But sometimes it happens anyway, and today was such a day. Sure enough, she had a hell of a time getting to sleep. I tried the usual - allowing her to read a few books typically does the trick - but no go this time.
|Not the chair in Rowan's|
room, but similar
So I did something I haven't done in years.
I went up to her room. I turned off her light. I sat down in the rocking chair in her room, and I called her over to me. She climbed up into my lap, and I quietly held her and rocked her. At first, she was confused, asking what I was doing. I explained that when she had been very young, her mommy (and sometimes I) had rocked her to sleep in that rocking chair, and I was going to try and help her get sleepy the same way now.
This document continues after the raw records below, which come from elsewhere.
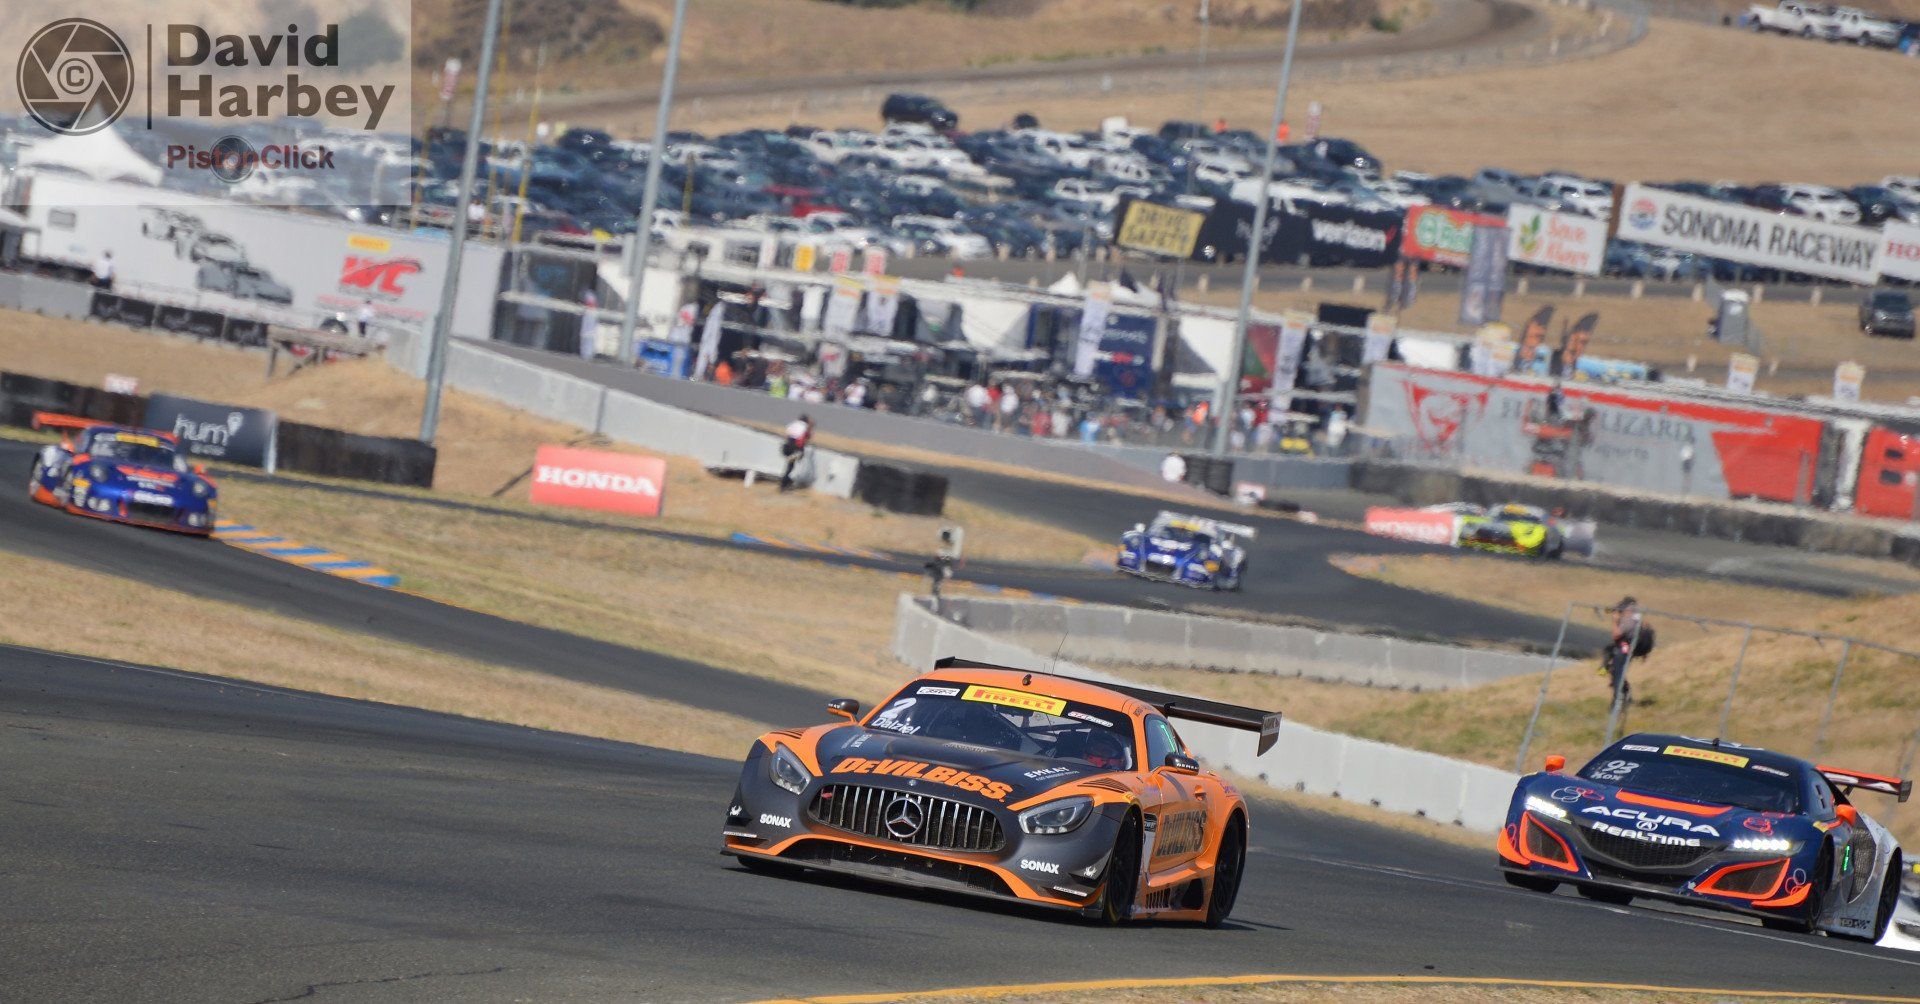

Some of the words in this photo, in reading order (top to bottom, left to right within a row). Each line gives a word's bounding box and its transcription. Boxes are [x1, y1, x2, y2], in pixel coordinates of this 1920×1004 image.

[1661, 203, 1761, 252] SONOMA
[1768, 223, 1877, 270] RACEWAY
[536, 464, 660, 497] HONDA
[878, 697, 917, 720] 2
[871, 716, 922, 735] Dalziel
[1023, 766, 1070, 779] EMKAY
[1602, 759, 1640, 774] 93
[759, 813, 791, 829] SONAX
[1581, 805, 1720, 838] ACURA
[1591, 820, 1701, 847] REALTIME
[1020, 858, 1060, 875] SONAX
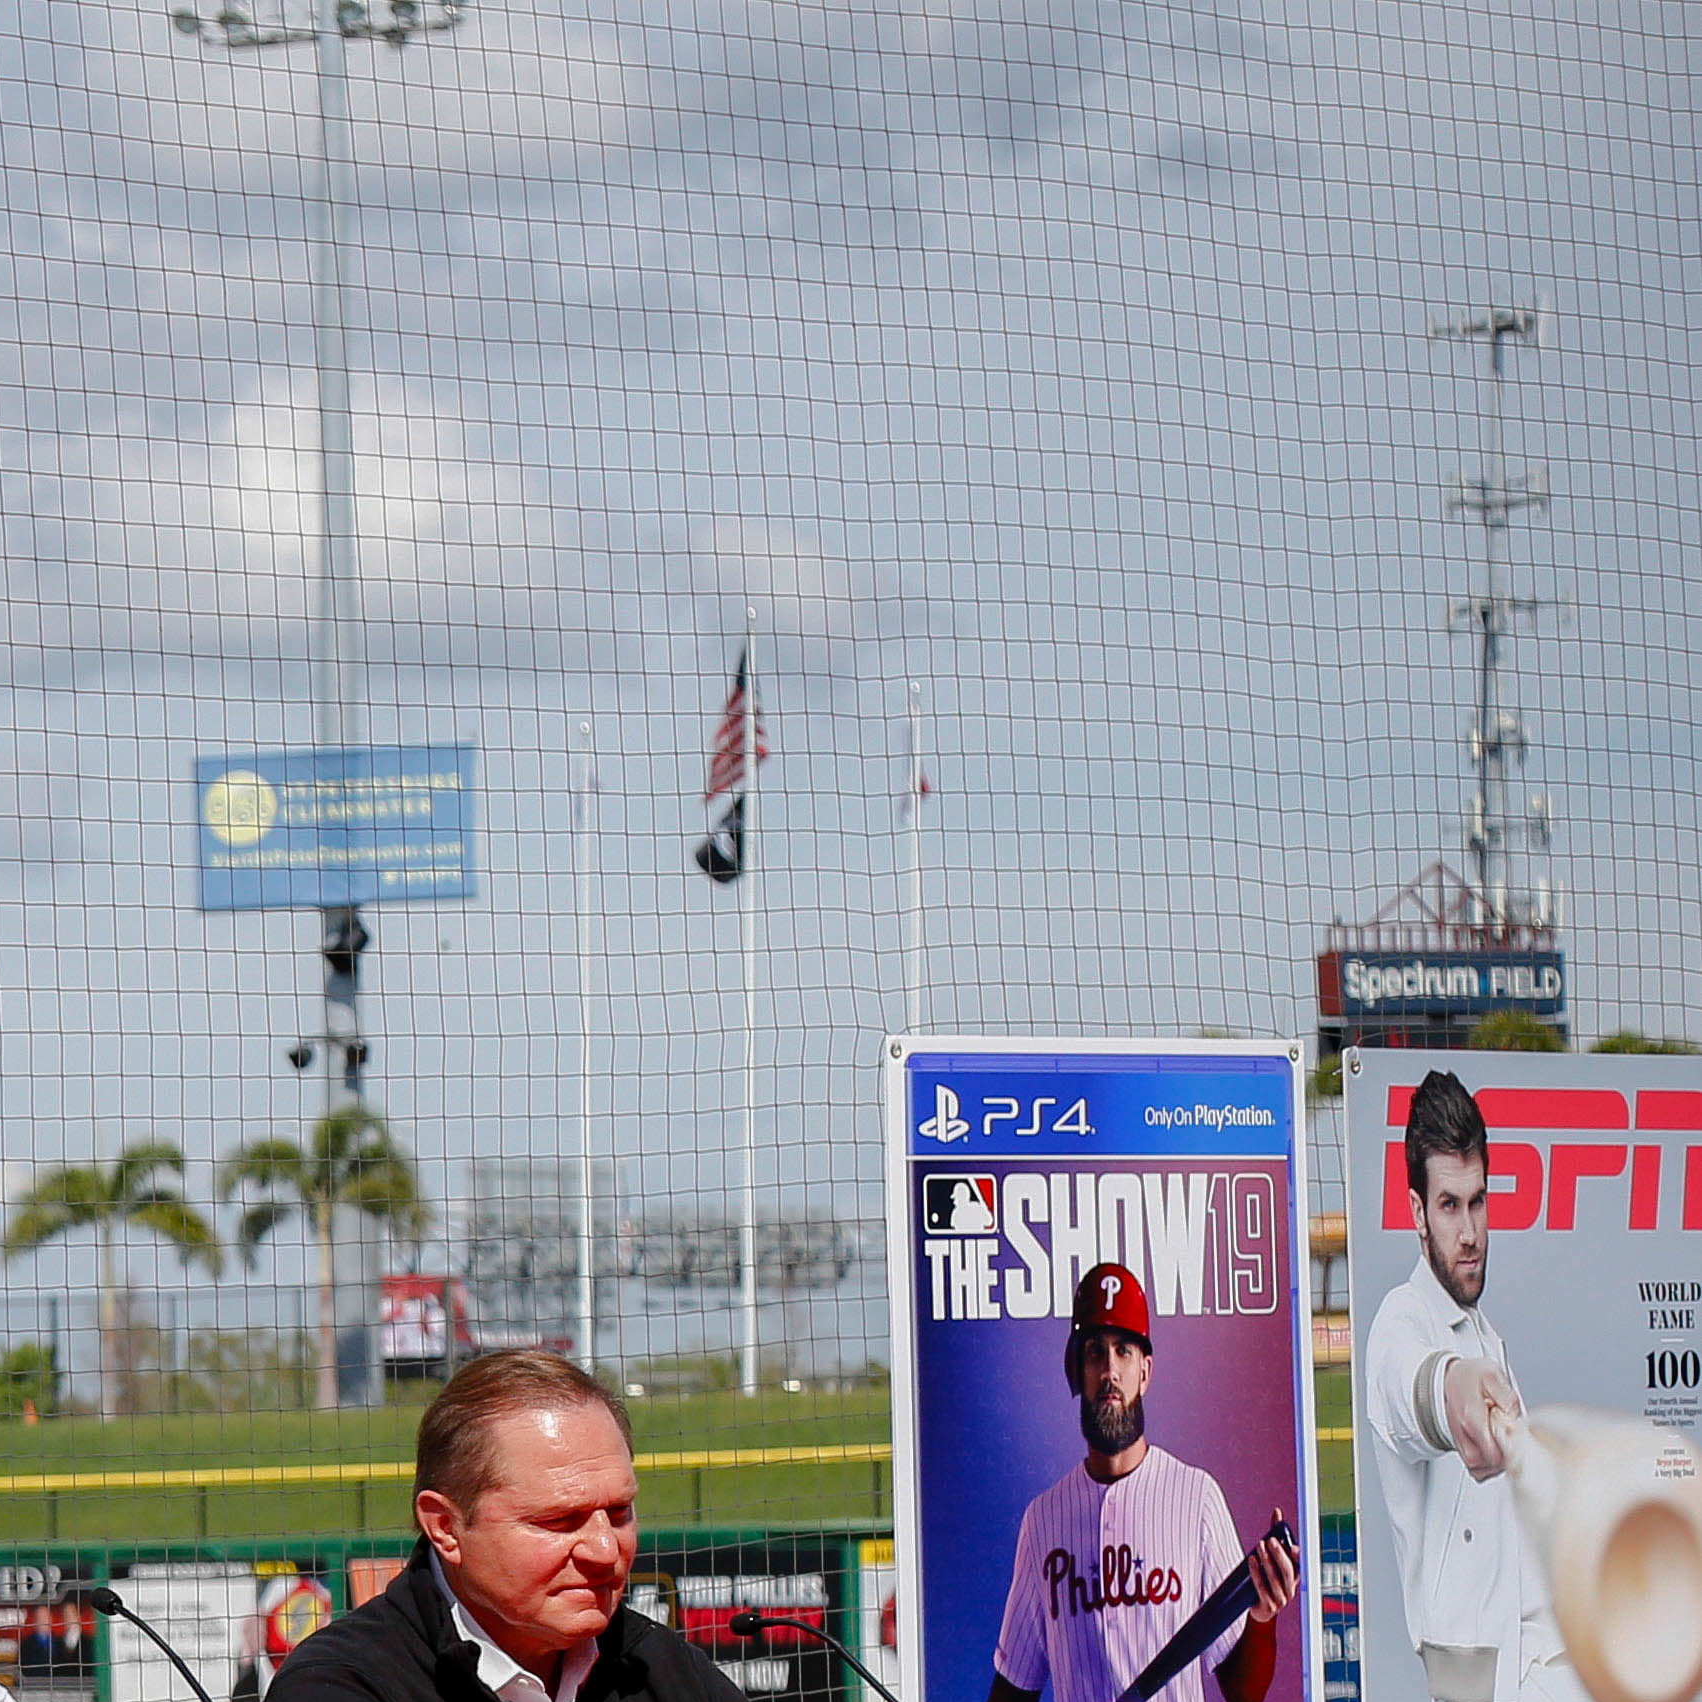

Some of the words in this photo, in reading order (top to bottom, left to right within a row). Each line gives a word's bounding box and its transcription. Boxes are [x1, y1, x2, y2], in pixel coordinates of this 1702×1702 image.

[1343, 958, 1480, 1008] Spectrum
[1490, 965, 1563, 999] FIELD
[982, 1096, 1092, 1136] PS4
[1145, 1106, 1173, 1130] Only
[1174, 1106, 1193, 1126] On
[924, 1238, 1001, 1320] THE
[1100, 1275, 1122, 1311] P
[1638, 1281, 1702, 1303] WORLD
[1649, 1309, 1695, 1330] FAME
[1646, 1349, 1701, 1389] 100
[1043, 1544, 1183, 1620] Phillies
She took a few minutes to get comfortable, but soon she was nestled into my chest, eyes closed, breathing getting slower. After a few minutes I stood up and carefully placed her on her bed, pulled up the covers to her chin, and gently kissed her on the top of her head. Her eyes never opened, but the smile on her face was enough to nearly bring tears to my eyes. It was still there several seconds later after I tore myself away and headed back downstairs to continue work on the night's chores (and to write this).
It made me recall all the times I had seen Aimee rock Rowan to sleep (or at least to relax her in preparation for going to sleep) when Rowan was a baby and toddler. It was a mommy moment.
And tonight, it was my mommy moment.
Rowan still misses her mommy greatly, and always will. But here and there, I do what I can to fill in the gap.